[What you need to do]: Nothing but the exact text of the entries should appear in your answer; pictures stay out.

[Collection entries]

┄┄┄┄┄┄

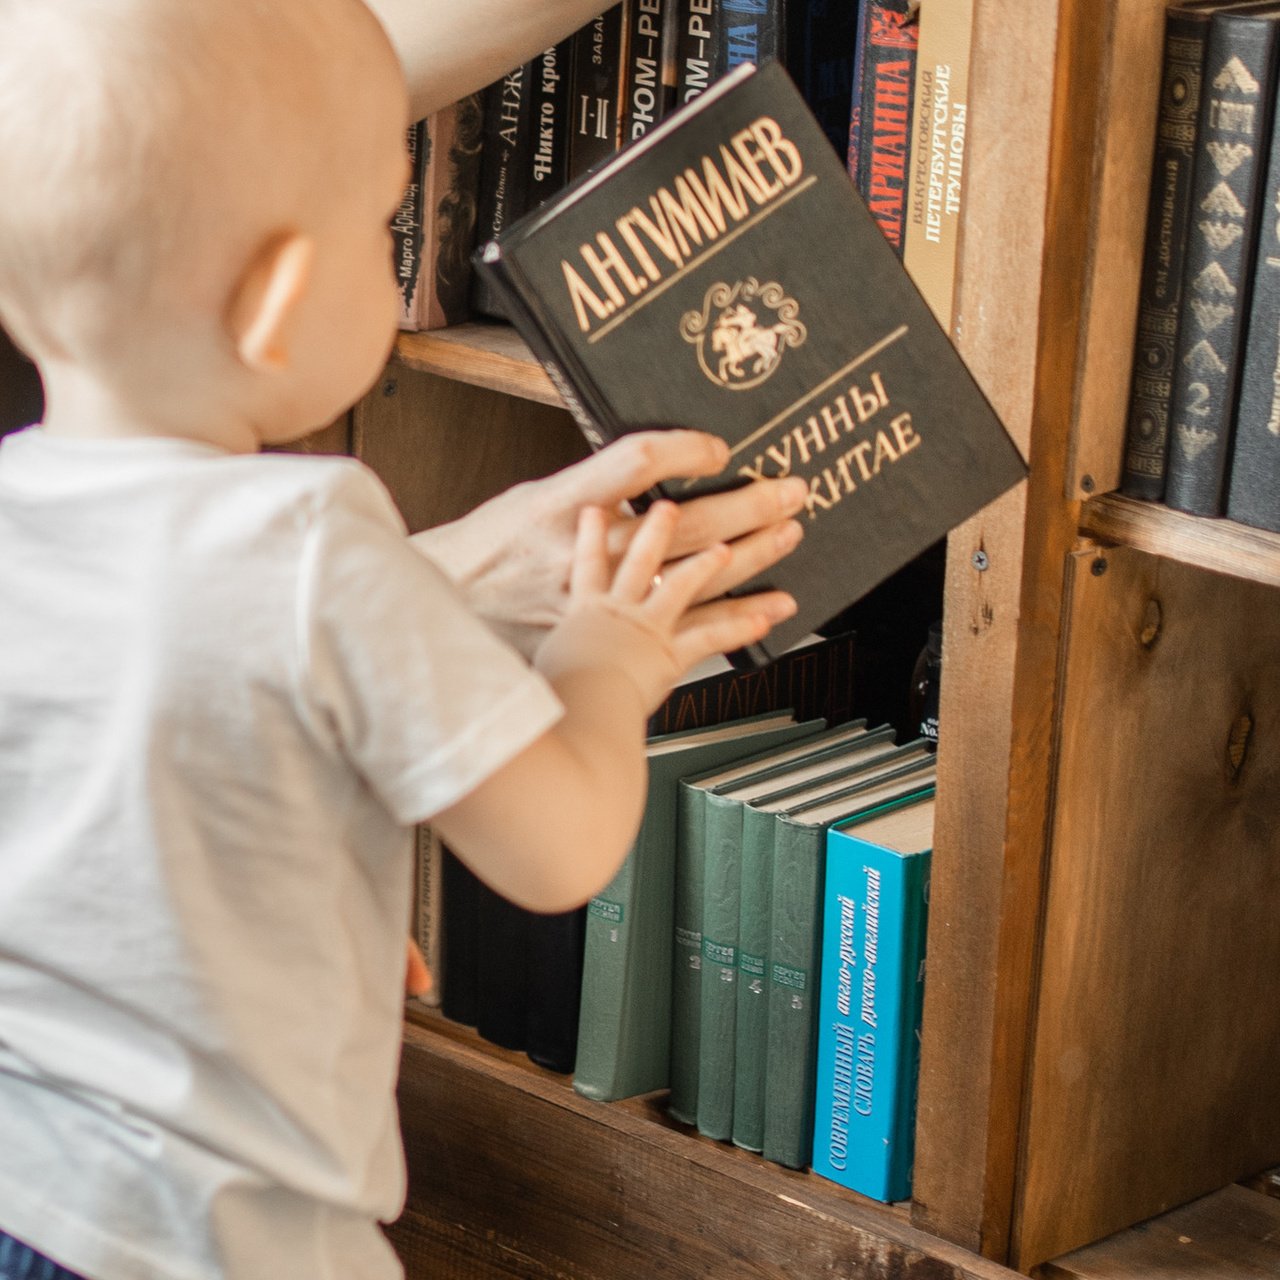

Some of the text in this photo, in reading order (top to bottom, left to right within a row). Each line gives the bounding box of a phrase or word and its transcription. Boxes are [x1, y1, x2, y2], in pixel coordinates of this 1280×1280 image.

[498, 64, 524, 147] АНЖ
[533, 101, 555, 182] Никто
[925, 63, 951, 243] ПЕТЕРБУРГСКИЕ
[391, 183, 420, 235] Арнольд
[495, 166, 507, 200] Голон
[492, 201, 504, 232] Серж
[1159, 159, 1179, 269] ДОСТОЕВСКИЙ
[399, 237, 415, 279] Марго
[1184, 381, 1211, 417] 2
[738, 371, 890, 484] ХУННЫ
[805, 412, 921, 519] КИТАЕ
[610, 928, 618, 942] 1
[689, 955, 701, 970] 2
[720, 968, 733, 982] 3
[748, 979, 763, 994] 4
[853, 865, 881, 1117] СЛОВАРЬ русско-английский
[828, 894, 855, 1172] СОВРЕМЕННЫЙ англо-русский

┄┄┄┄┄┄

[Solution]:
Some of the text in this photo, in reading order (top to bottom, left to right within a row). Each line gives the bounding box of a phrase or word and its transcription. Boxes are [x1, y1, x2, y2], in pixel coordinates of this 1280×1280 image.

[498, 64, 524, 147] АНЖ
[533, 101, 555, 182] Никто
[925, 63, 951, 243] ПЕТЕРБУРГСКИЕ
[391, 183, 420, 235] Арнольд
[495, 166, 507, 200] Голон
[492, 201, 504, 232] Серж
[1159, 159, 1179, 269] ДОСТОЕВСКИЙ
[399, 237, 415, 279] Марго
[1184, 381, 1211, 417] 2
[738, 371, 890, 484] ХУННЫ
[805, 412, 921, 519] КИТАЕ
[610, 928, 618, 942] 1
[689, 955, 701, 970] 2
[720, 968, 733, 982] 3
[748, 979, 763, 994] 4
[853, 865, 881, 1117] СЛОВАРЬ русско-английский
[828, 894, 855, 1172] СОВРЕМЕННЫЙ англо-русский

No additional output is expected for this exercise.